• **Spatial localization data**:
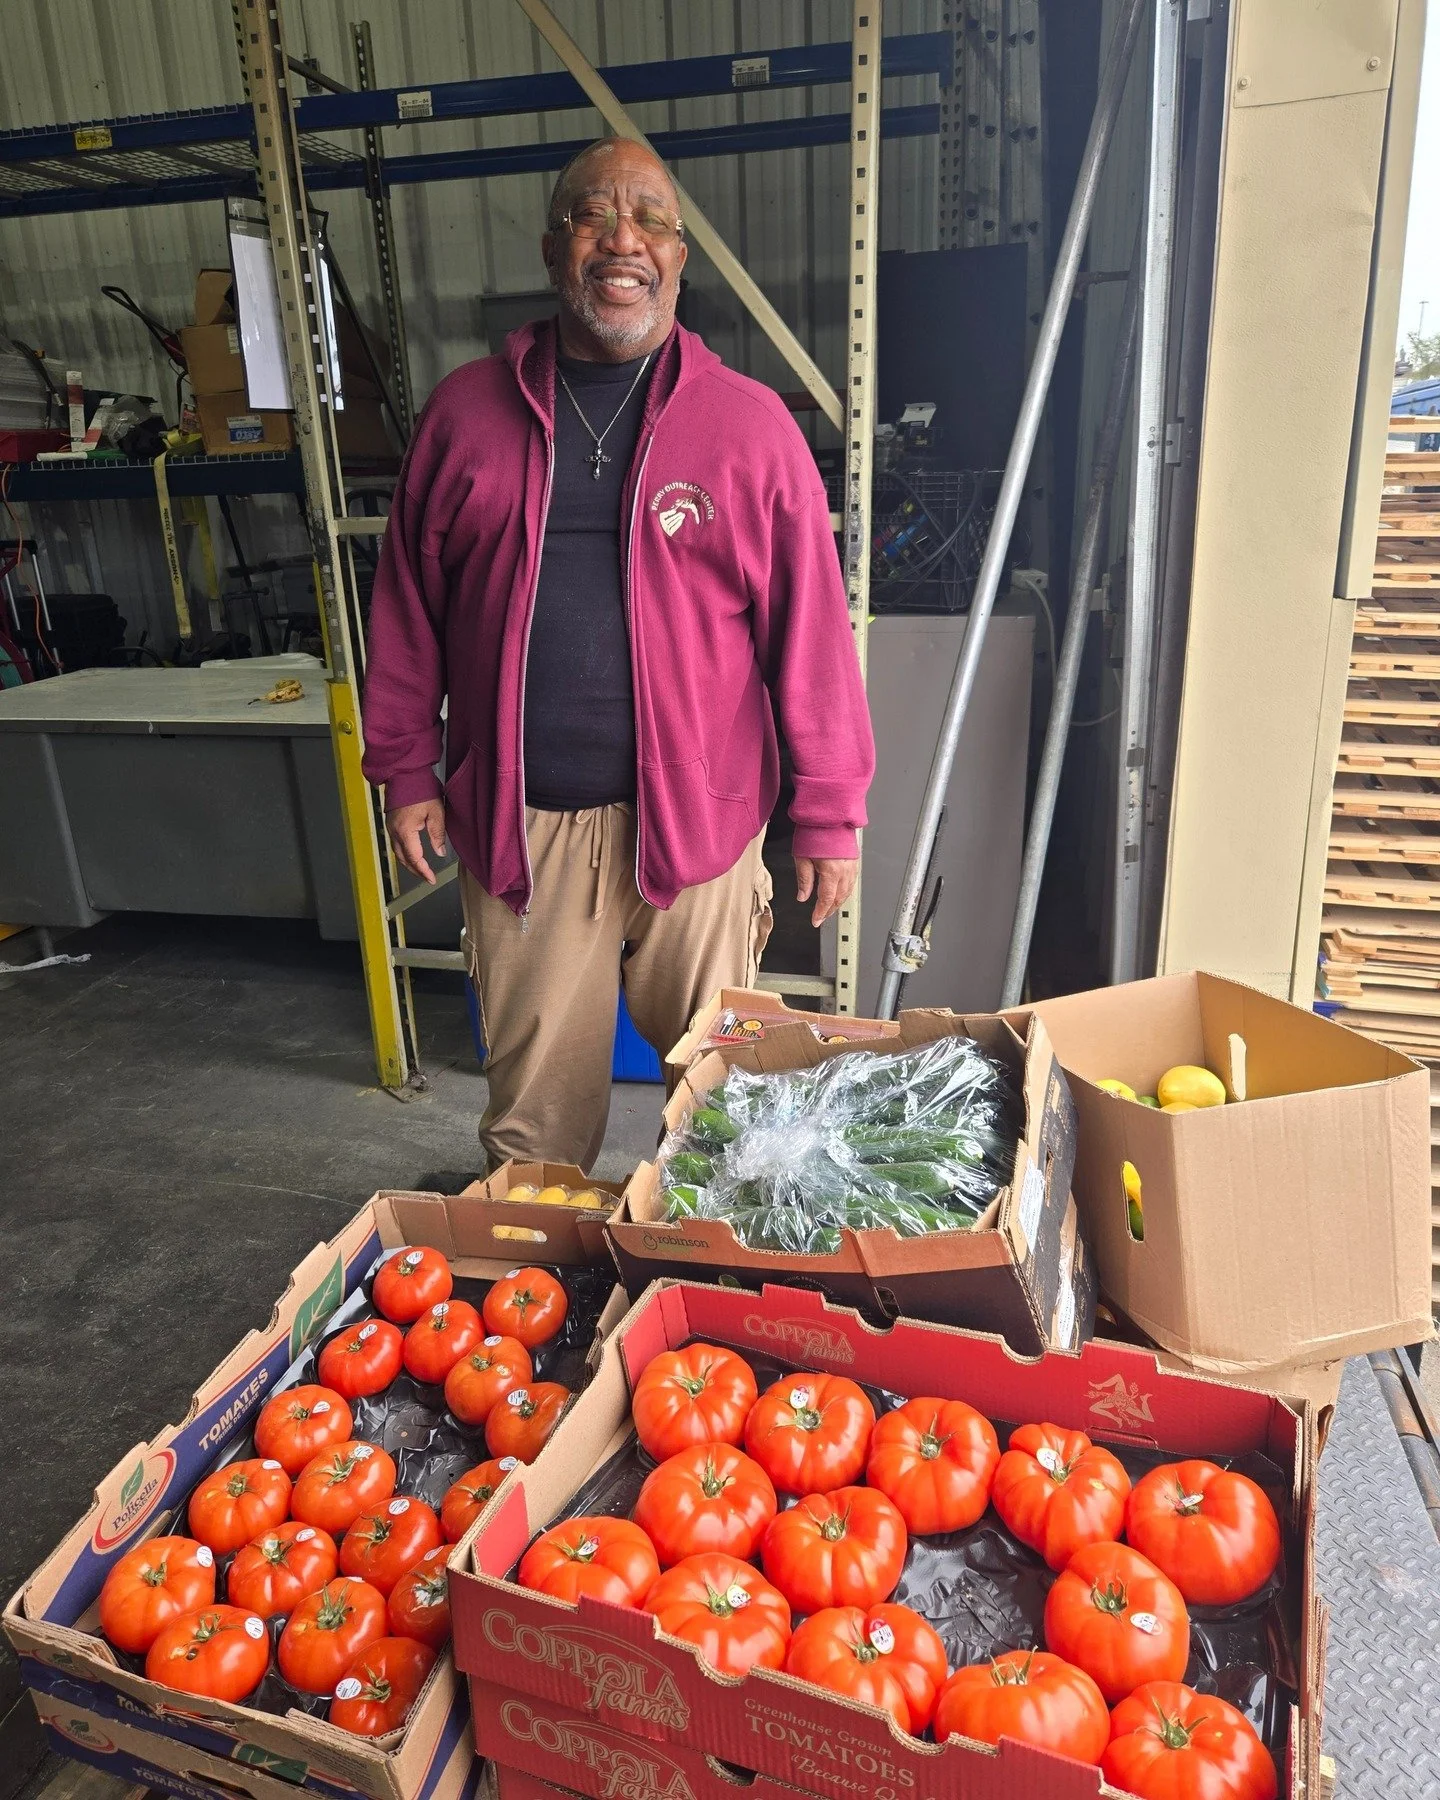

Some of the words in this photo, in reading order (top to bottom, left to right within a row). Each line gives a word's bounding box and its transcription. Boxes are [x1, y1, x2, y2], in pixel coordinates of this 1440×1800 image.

[658, 1234, 710, 1249] robinson
[743, 1313, 855, 1354] COPPOLA
[803, 1336, 855, 1364] farms
[198, 1367, 269, 1451] TOMATES
[112, 1478, 159, 1532] Policella
[482, 1608, 690, 1711] COPPOLA
[584, 1671, 690, 1731] farms
[744, 1697, 833, 1737] Greenhouse
[837, 1729, 893, 1758] Grown
[501, 1700, 697, 1800] COPPOLA
[745, 1713, 915, 1788] TOMATOES
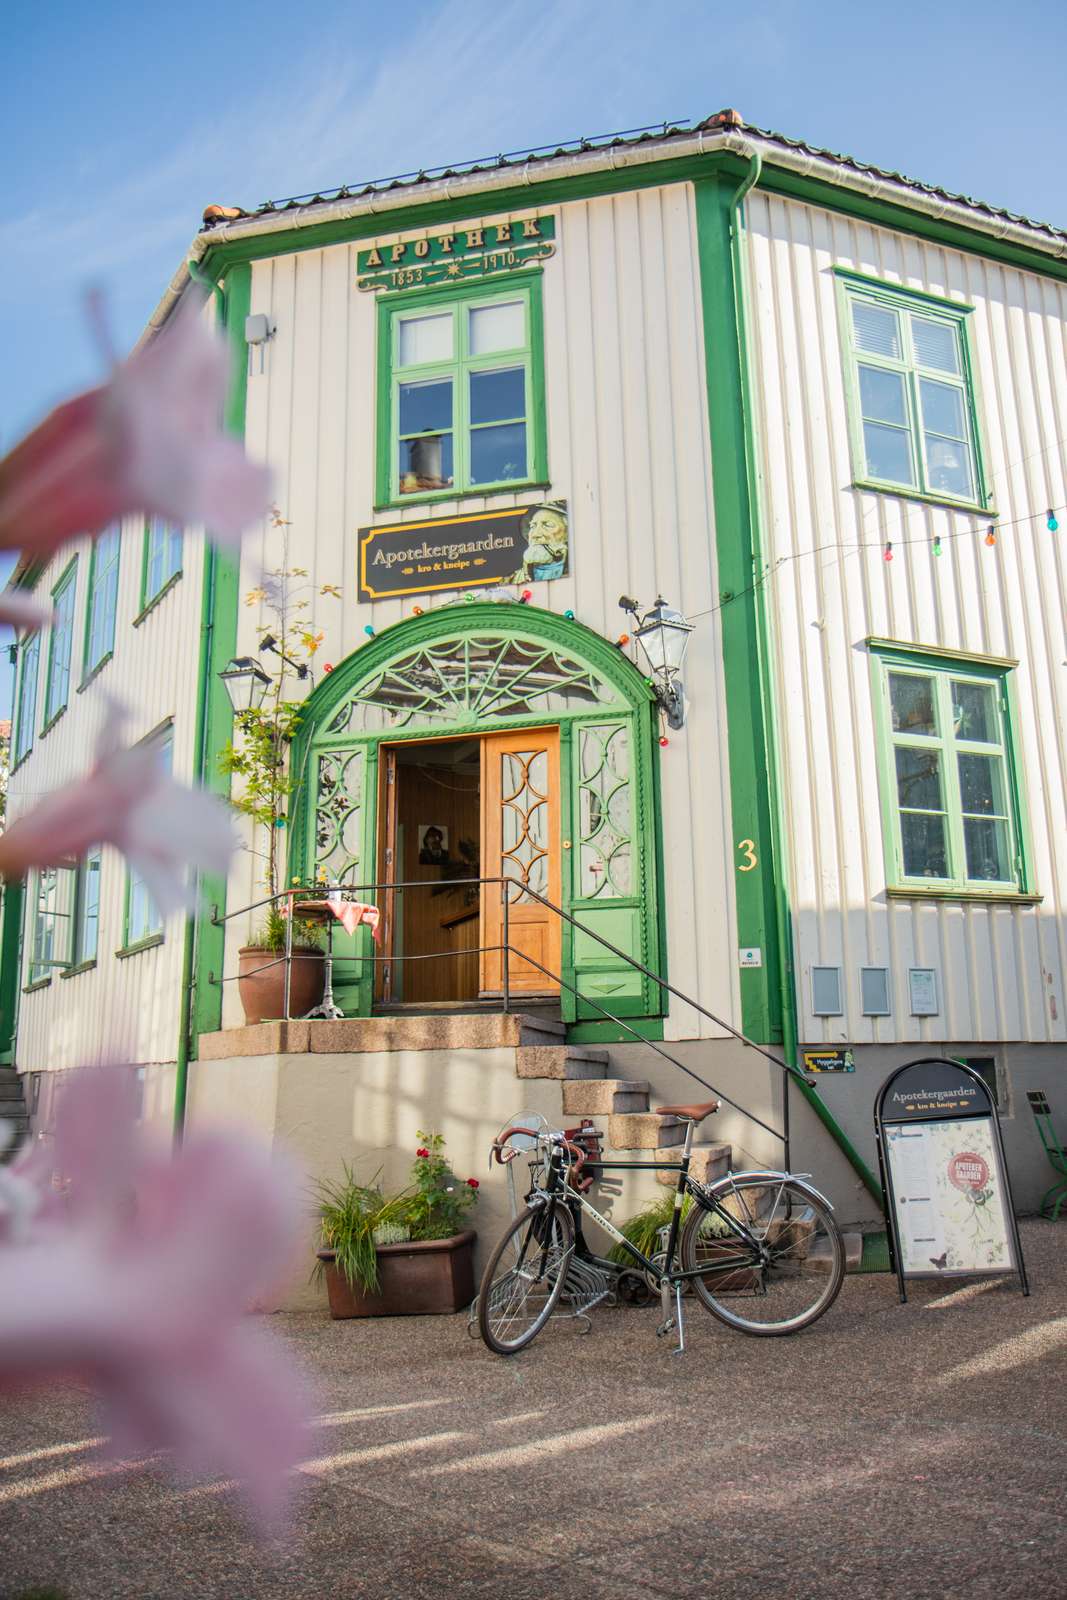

• **ACTIVITY**:
Once the pictures are removed, print all the remaining data exactly as it stands.

• **EXERCISE RESPONSE**:
Some of the words in this photo, in reading order (top to bottom, left to right within a row). Each line gives a word's bounding box and its transcription. Boxes are [x1, y1, x2, y2], in pixel coordinates of this 1440×1800 image.

[658, 1234, 710, 1249] robinson
[743, 1313, 855, 1354] COPPOLA
[803, 1336, 855, 1364] farms
[198, 1367, 269, 1451] TOMATES
[112, 1478, 159, 1532] Policella
[482, 1608, 690, 1711] COPPOLA
[584, 1671, 690, 1731] farms
[744, 1697, 833, 1737] Greenhouse
[837, 1729, 893, 1758] Grown
[501, 1700, 697, 1800] COPPOLA
[745, 1713, 915, 1788] TOMATOES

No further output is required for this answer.